Harvard research gives new model to create Parkinson’s disease in a petri dish using stem cells
This new model is expected to speed up treatment for Parkinson’s and also could result in personalized models to diagnose and treat this disease.
Researchers at Harvard-affiliated Brigham and Women’s Hospital have come up with a new model that allows to rapidly create Parkinson’s disease in a petri dish using stem cells. This can lead to new personalized methods of diagnosis and treatment.
Senior author Vikram Khurana, chief of the Movement Disorders Division at BWH and principal investigator within the Ann Romney Center for Neurologic Diseases at BWH said “We sought to assess how quickly we could make human brain cells in the lab that give us a window into key processes occurring in the brains of patients with Parkinson’s disease and related disorders like multiple system atrophy and Lewy body dementia."
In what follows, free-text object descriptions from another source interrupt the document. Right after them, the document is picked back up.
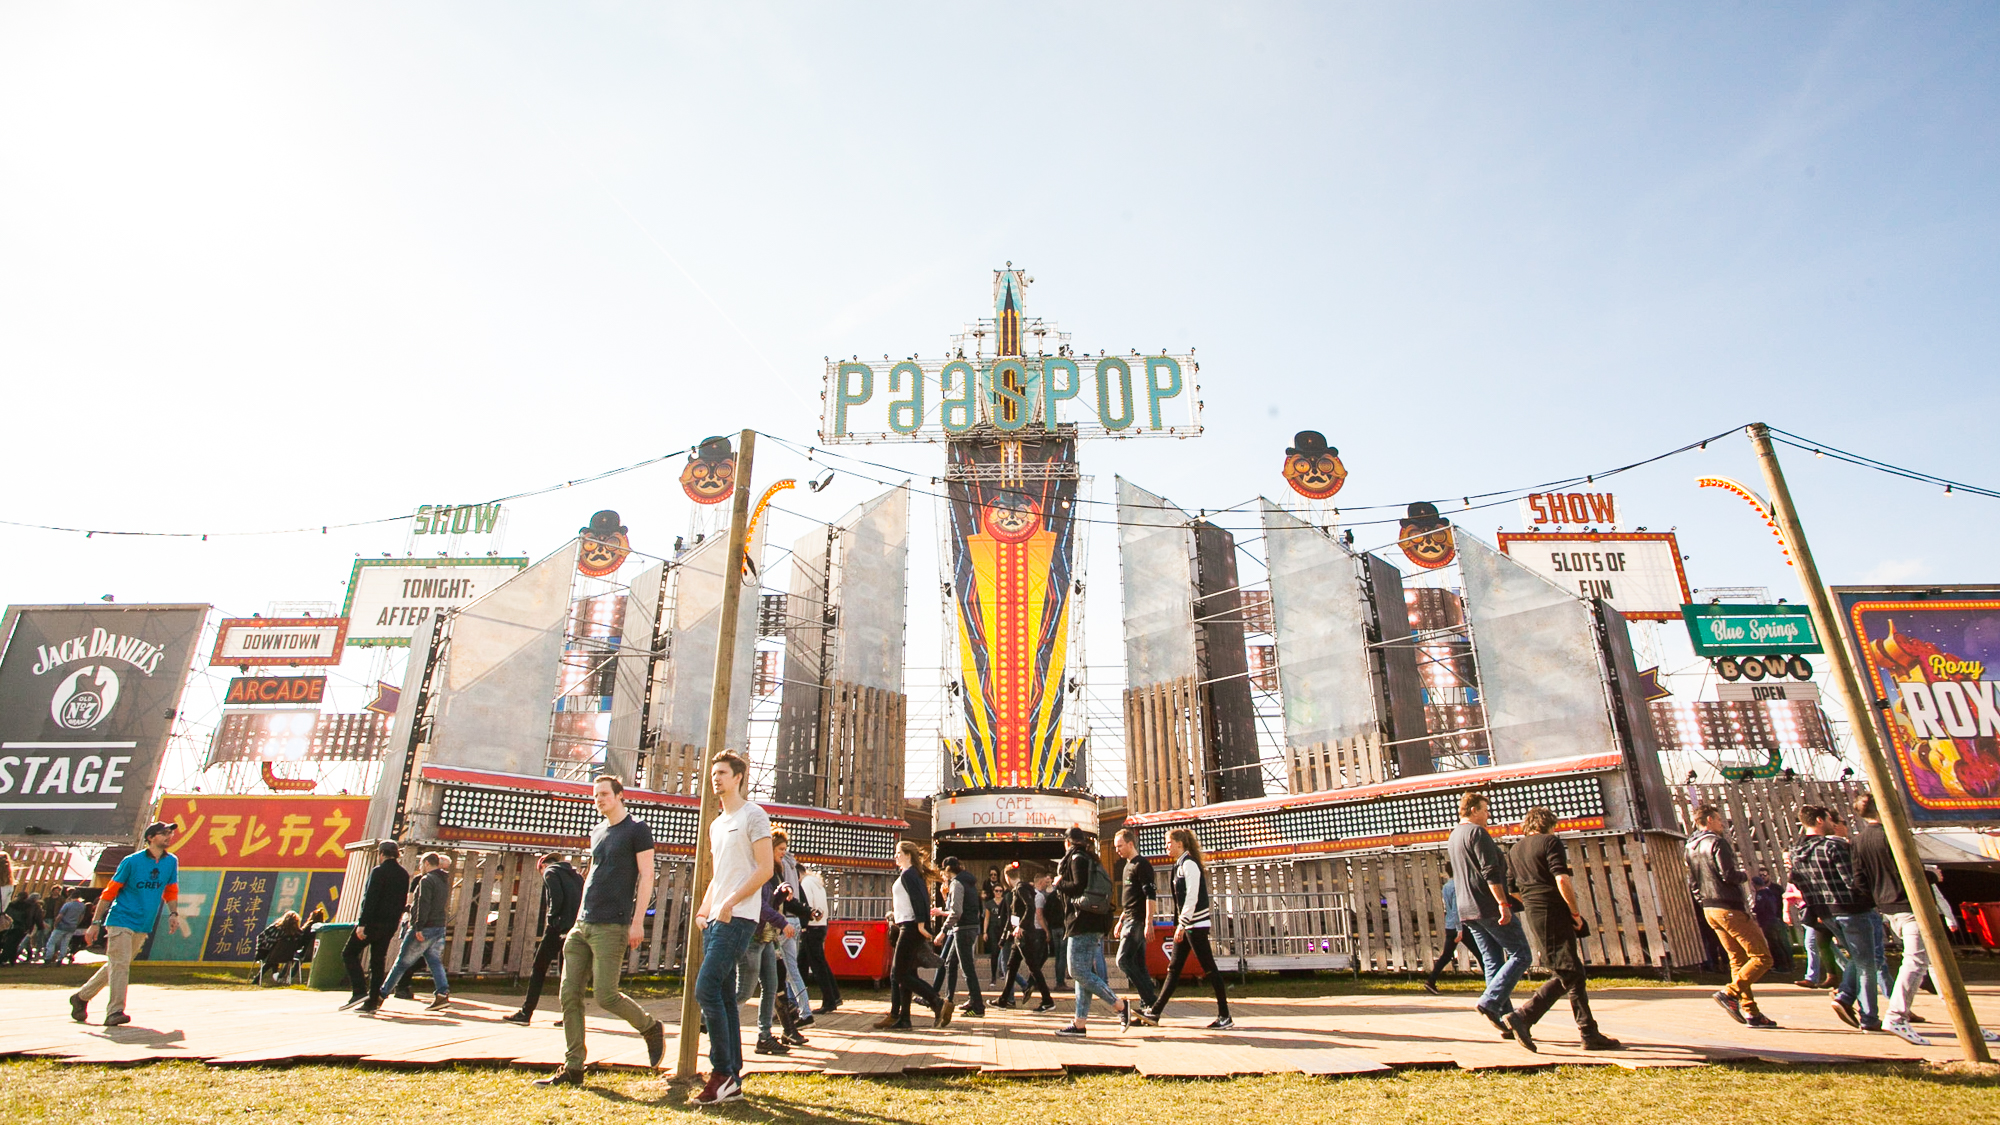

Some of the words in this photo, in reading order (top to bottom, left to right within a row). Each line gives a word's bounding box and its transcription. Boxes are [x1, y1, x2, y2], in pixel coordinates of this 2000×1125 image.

[1528, 493, 1615, 523] SHOW
[414, 504, 502, 534] SHOW
[1551, 552, 1604, 572] SLOTS
[1605, 552, 1626, 572] OF
[402, 578, 475, 599] TONIGHT:
[1579, 579, 1614, 599] FUN
[376, 606, 431, 626] AFTER
[1710, 618, 1745, 641] Blue
[1748, 618, 1799, 643] Springs
[242, 633, 321, 650] DOWNTOWN
[32, 635, 88, 676] JACK
[87, 627, 165, 678] DANIEL'S
[1721, 658, 1809, 678] BOWL
[1928, 654, 1985, 680] Roxy
[230, 679, 323, 701] ARCADE
[1751, 686, 1787, 700] OPEN
[1899, 681, 2000, 738] ROX
[0, 755, 132, 795] STAGE
[996, 797, 1034, 810] CAFE
[973, 811, 1017, 825] DOLLE
[1026, 811, 1057, 825] MINA
“And, unlike previous models, we wanted to do this in a short enough timeframe for these models to be useful for high-throughput genetic and drug screens and easy enough for many labs to use across academia and industry," added Vikram Khurana.
More Details
Parkinson’s disease is a degenerative brain condition and is progressive in nature. The patients often struggle with tremors, speech impairment, slowed movement and other health complications. Similar to other neurodegenerative conditions, it also causes protein build-up in neurons which leads to impaired cell function and protein misfolding. The current available treatments work on symptoms but not on the root cause of the protein misfolding.
Khurana added, “The problem is that the way protein clusters form in PD looks different in different patients, and even in different brain cells of the same patient. This begs the question: How do we model this complexity in the dish? And how do we do it fast enough for it to be practical for diagnostics and drug discovery?”
co-first author Alain Ndayisaba said, “In one key application, we are utilizing this technology to identify candidate radiotracer molecules to help us visualize alpha-synuclein aggregation pathologies in the brains of living patients we see in the clinic."
Co-first author Isabel Lam said, “This technology will pave the way for rapidly developing ‘personalized stem cell models’ from individual patients. These models are already being used to efficiently test new diagnostic and treatment strategies ‘in a dish’ before jumping into clinical trials so we target the right drug to the right patient."